No es que Vargas Llosa sea santo político de mi devoción, pero desde el punto de vista de su trabajo literario, es parte de un proceso de construcción de la imagen auténtica, cabal si se quiere, del mestizo urbano, con una sana dosis de nostalgia, y en mi opinión, el carisma literario que le hizo merecedor del premio, ya sea que lo haya buscado denodadamente golpeando las puertas de Dios y el Diablo, o sencillamente un grupo de extranjeros haya creído oportuno el galardonarlo.

Pero vamos al tema. No me gustó nada el comentario superfluo y farandulero, propio de alguien que juzga  la Literatura como si se tratara de un programa de televisión, sin razonar en el enorme caudal de circunstancias inmediatas que influencian al escritor a pintar paisajes físicos y sicológicos que muestren un mundo real, duro o aterciopelado, pero siempre en directa conexión con su circunstancia temporal. En América Latina al menos, la crítica social desde la Literatura es frecuente por el terrible historial de racismo y saqueo que acompaña a nuestros pueblos.
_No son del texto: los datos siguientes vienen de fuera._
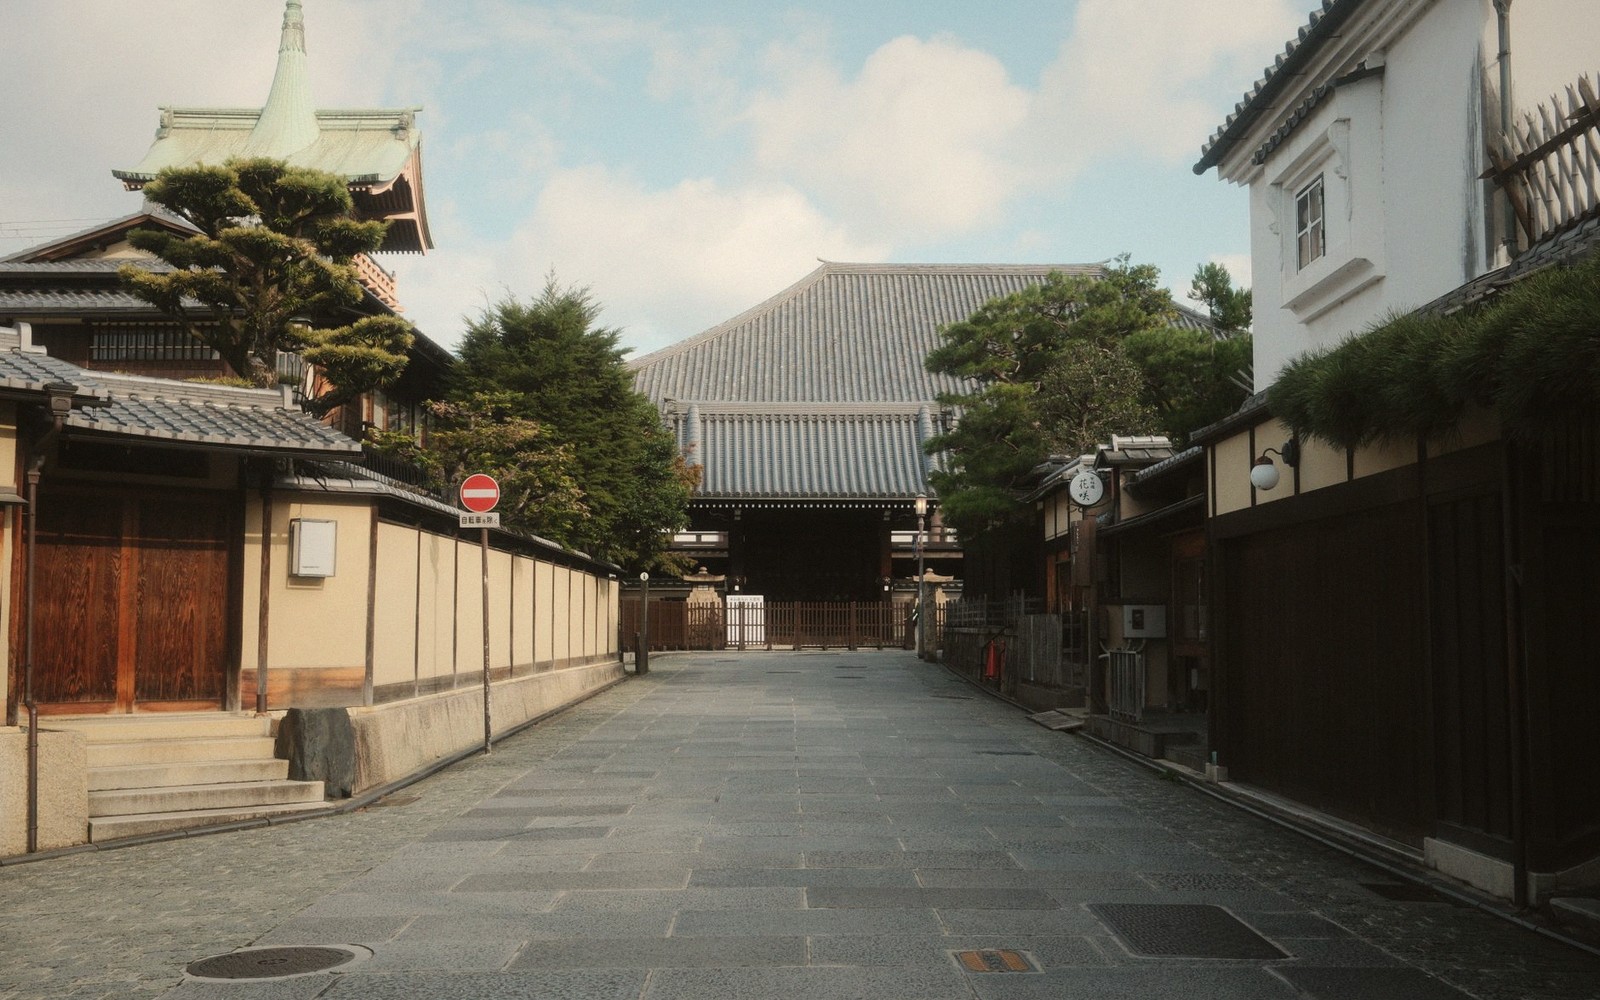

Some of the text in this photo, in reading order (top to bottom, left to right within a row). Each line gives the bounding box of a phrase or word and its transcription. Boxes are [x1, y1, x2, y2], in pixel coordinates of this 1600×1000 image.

El único “limitadito” aquí es quien lanzó el insulto, luego de que el tiempo se ha encargado de desenmascarar al supuesto izquierdista revolucionario, para convertirlo en un monigote más del capital, pero con una complicada trama a la que Francisco de Oliveira llama “Hegemonía al revés”. Lo que pasa es que mucha gente no discierne entre inteligencia y astucia, y el actual presidente ha hecho gala de astucia, pues siempre ocultó sus ases bajo la manga. Por ningún lado veo  inteligencia, ahora que las cartas están sobre la mesa.

Volviendo a la actual circunstancia política, esta “hegemonía al revés” de Oliveira fue elaborada a caballo del poder de la “Revolución Ciudadana” y como los dioses le dieron a entender  al hombre y sus lugartenientes. Solo ahora queda claro que la intención NUNCA fue crear una revolución, un cisma con la Historia de América Latina, sino distraer a las masas con el discurso que querían oír, mostrando “obra social” en carreteras y obras logreras, mientras en el fondo NADA cambia, la injusticia social permanece y se agrava incluso, pero en risueño silencio cómplice “revolucionario”, mientras el desempleo sigue apretando el cogote, y el campo sigue lampiño de cultivos y atención. Pero se llenan la boca hablando de “Revolución Ciudadana”.

Un comentario duro: me entristece ver cada semana a un connotado historiador quiteño al que respeto y admiro, abogando por el Diablo a través del Internet y diario “El Telégrafo”. Su despertar sin duda será una pesadilla.

Y me hago otra pregunta: ¿Seremos tan “limitaditos” también los mandantes, el pueblo ecuatoriano, como para votar de nuevo por el actual “limitado”? ¿Cuáles son las alternativas? Hay telenovela para rato.